Rethinking the Rhetoric

Sarah Zaman '05


Sarah Zaman '05

Photo: Les Todd.

Pro-choice? Yes. Pro-abortion? Not really," wrote Sarah Zaman on the opinion page of The Kansas City Star last February. "This isn't just a question of terminology--this is how some college kids feel.... We call ourselves 'pro-choice,' but our views are grayer than the label suggests."

Indeed, for Zaman, a senior, it is the labels, not the concepts, that have set the parameters for the current debate over abortion and left little room for the nuanced views of a new generation. "I was a lot more middle-ground than I thought," she says. "And I can't speak for everyone, but I think a lot of college kids are tired of the either-or rhetoric. It doesn't allow for meaningful discussion. We always hear about [abortion] in terms of black and white. And in class I was finding this gray area."

The class was Professor Kathy Rudy's "Genetic and Reproductive Ethics," which Zaman took fall semester. It examines the frontiers of genetic manipulation and reproductive therapies, and takes on the ethical questions surrounding surrogate motherhood, abortion, and cloning. One day, Zaman recalls, Rudy conducted a class exercise in which she acted the part of an old pro-life friend. "We had to explain and defend our pro-choice stance to her. We had to figure out how to have that discussion without reaching dead ends, and that meant acknowledging our own uncertainties."

After the class ended, Zaman says, Rudy urged her to keep going, "to take what I was saying in class and do something with it. She said, 'Write an op-ed and send it out to papers.' So, I did. I went home over Christmas break and wrote it, and I sent it to the Duke News Service and asked them to send it to papers."

It was the sort of nudge Rudy, a two-time Distinguished Teaching Award winner, is well known for giving. "I want them to know the theories involved in the issue," she told Duke Dialogue in 2000 after winning her second award. "But I don't want them to deal with the issues abstractly."

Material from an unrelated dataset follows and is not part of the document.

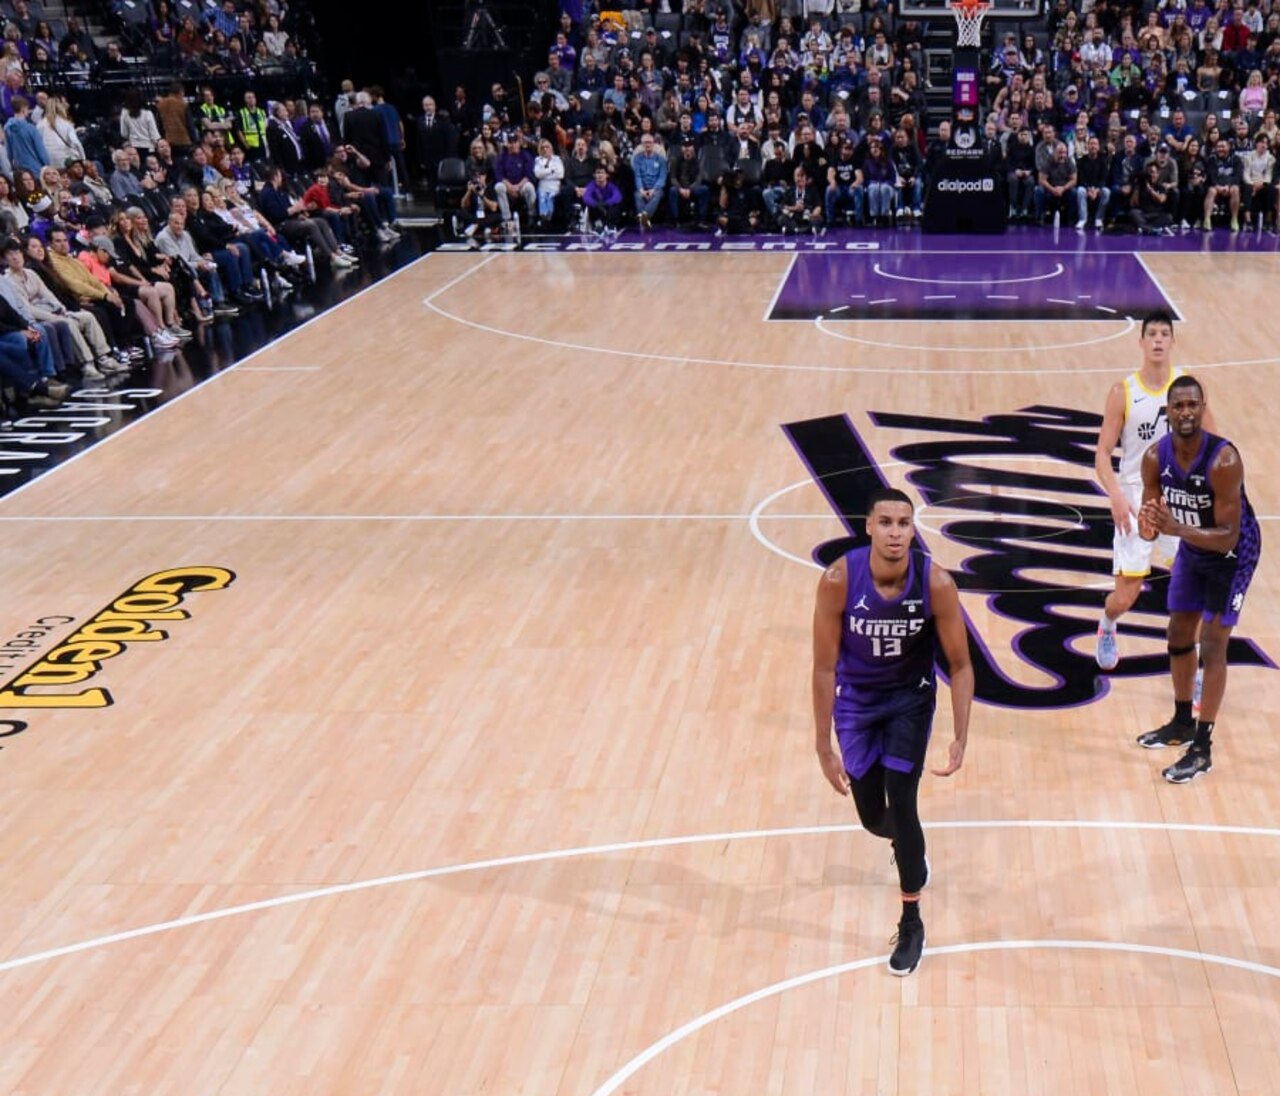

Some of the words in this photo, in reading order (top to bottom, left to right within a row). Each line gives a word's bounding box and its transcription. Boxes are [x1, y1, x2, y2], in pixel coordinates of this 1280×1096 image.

In the weeks after Zaman's op-ed ran in The Kansas City Star, Raleigh's News & Observer, and The Dallas Morning News, e-mail messages flooded in--"from abortion-clinic nurses, Republican parliamentarians, professors, veterans of the Roe v. Wade rallies, grandmothers in their eighties," she says. "I managed to infuriate both sides. But some people told me I'd actually articulated things they'd been feeling for a long time."

Zaman, who'd never before written for publication, says the experience was revelatory in a way nothing in her college career had ever been. For all of her activities--she is pre-med, plays violin in the Duke Symphony Orchestra, and volunteers in Duke's chapter of the Red Cross--this was the first time she'd taken something from the classroom directly into the world, in effect exporting a campus dialogue far beyond the campus borders.

"It's pretty difficult," she says. "You have to distill your argument to a single page. But it's very gratifying, too. All of a sudden, it works. You're having an impact. You're having conversations with people you'd never have talked to otherwise. It makes me want to try it again. There are so many issues I could tackle--Social Security, prenatal drug abuse, euthanasia.... Who knows?"